Sunday, December 27, 2009
Interview with the Neo-Con
Sometime during the 90's...........
Back in the days when race was debated around the OJ trial, when feminism portrayed as a match between Naomi Wolf and Camille Paglia, and when the prospect of "another Vietnam" was written of as the paranoia of a few leftists. When Timothy McVeigh was the big name in terrorism on US soil. Back when most Americans were very secure in their belief that "it could never happen here" whether *it* was a number of things from a botched election, a serious economic meltdown, a major internal natural disaster, or a the threat of losing our Civil Liberties.
At that time, I was not particularly complacent. While not aware of what the future would bring, I was quite concerned about the environment and afraid that someday there would be "another Vietnam", but at the time had little to go on but a series of eerie hunches.
But back then in my pre-WTO protest adulthood, I did run into a series of college professors whose ideas I never realized would gain such power. Indeed, I was more worried at the time about the sociobiologists with their zeal to prove women not fit for full citizenship. But yet, they were a bunch you could not ignore or forget.
Only years would I come to know the significance of what I saw when dealing with a pack of neocon professors and neocon students.

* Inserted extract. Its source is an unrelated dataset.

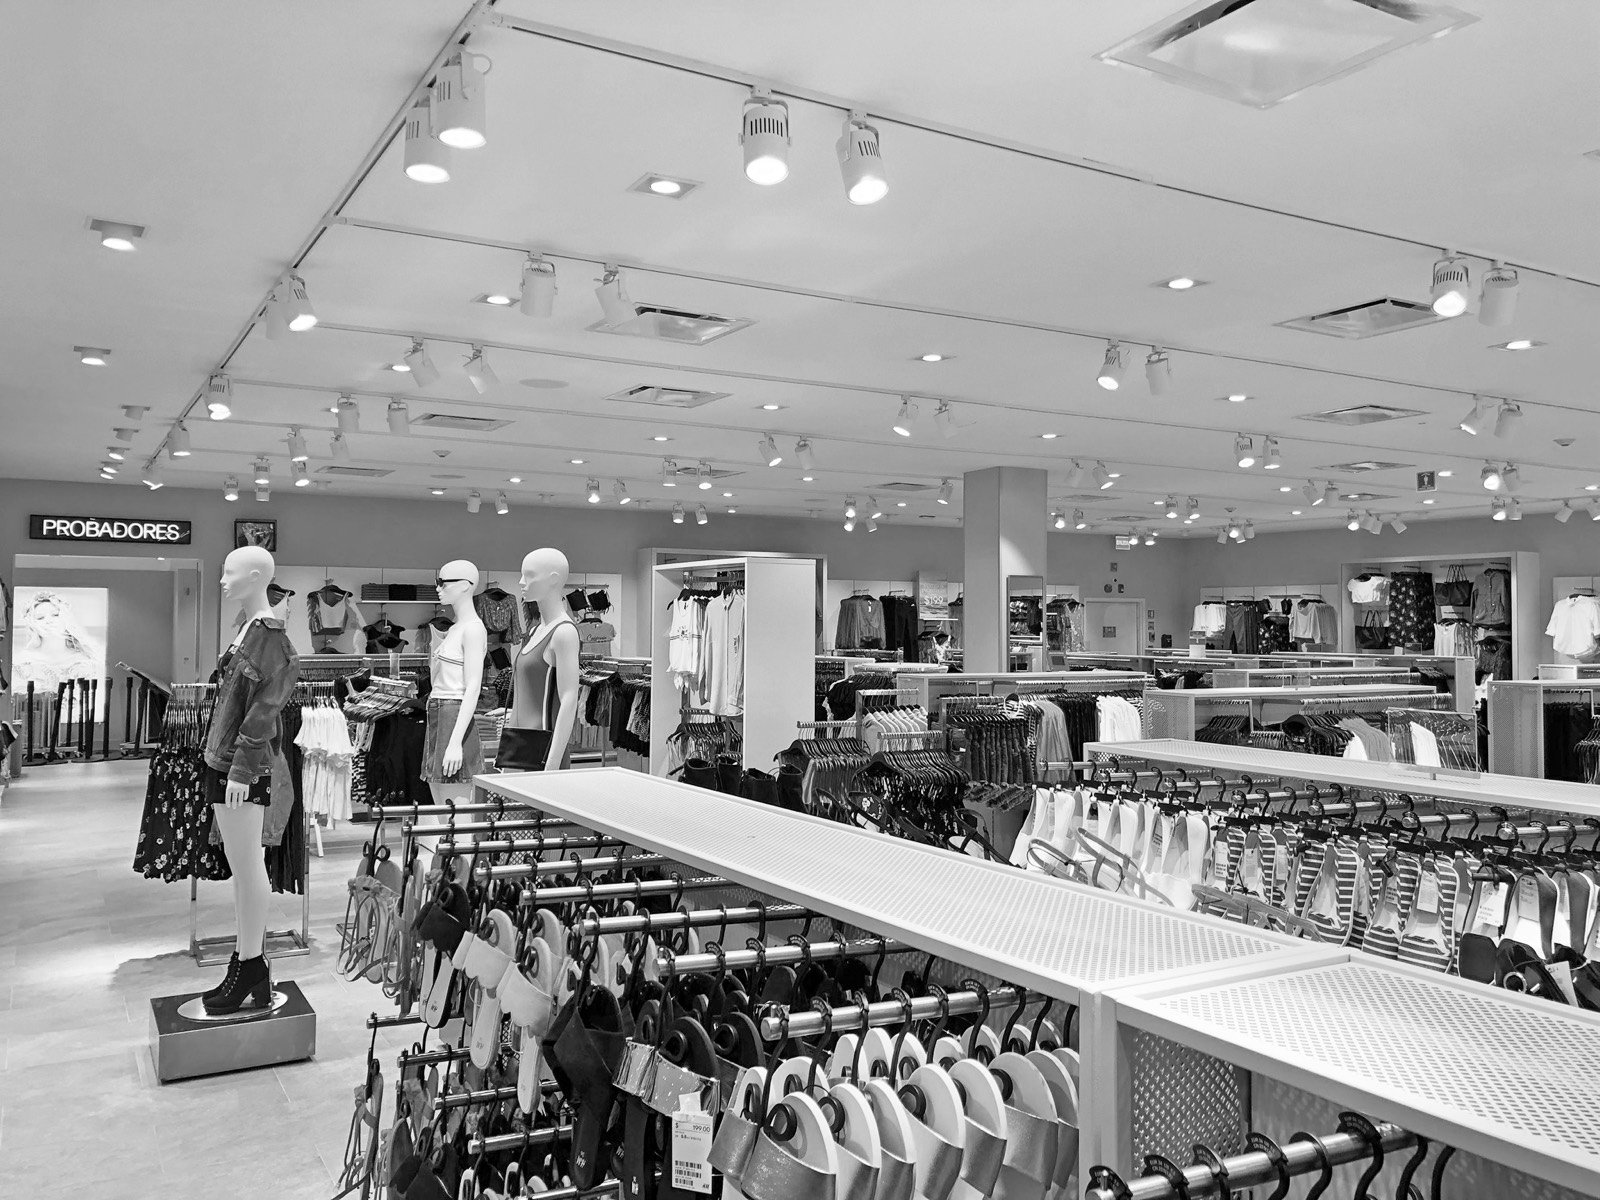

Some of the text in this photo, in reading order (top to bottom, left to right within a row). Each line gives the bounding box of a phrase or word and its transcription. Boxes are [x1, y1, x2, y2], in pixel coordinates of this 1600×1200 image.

[42, 519, 181, 541] PROBADORES
[924, 595, 944, 606] $199
[692, 1124, 711, 1133] 199.00

Of course, part of that came from the fact that they were less than honest about selling their ideas to undergraduates and used a good deal of manipulation in the process. In retrospect that should surprise nobody. Often what they would do if you disagreed with their ideas was suggest that you were simply too "limited" or "provincial" or caught up in closed minded middle class morality to understand. It reminded me of certain Freudians who tried to paint everyone who disagreed with them as prudes who didn't want to hear about sex.
Among the students many of those who bought into the neo-con thinking were also great fans of Frank Herbert's "Dune" series (which has been posthumously increased by his son since). In both cases, I felt portrayed as a schmuck for suggesting that for all the problems of modern democracies, that replacing it with a bunch of scheming feudal elites wouldn't be a great trade. Such ideas according to this bunch were just corn-fed naivete. Of course, politics was all about deceiving the masses. Even as a first year biology student, I was able to point out several biological impossibilities in the stories. But that was also dismissed as closed mindedness. This crowd deemed such "mere details" as rather beneath them and best left to the "techies types" who would of course never grasp their master plans or have a real say in their grandiose master plans.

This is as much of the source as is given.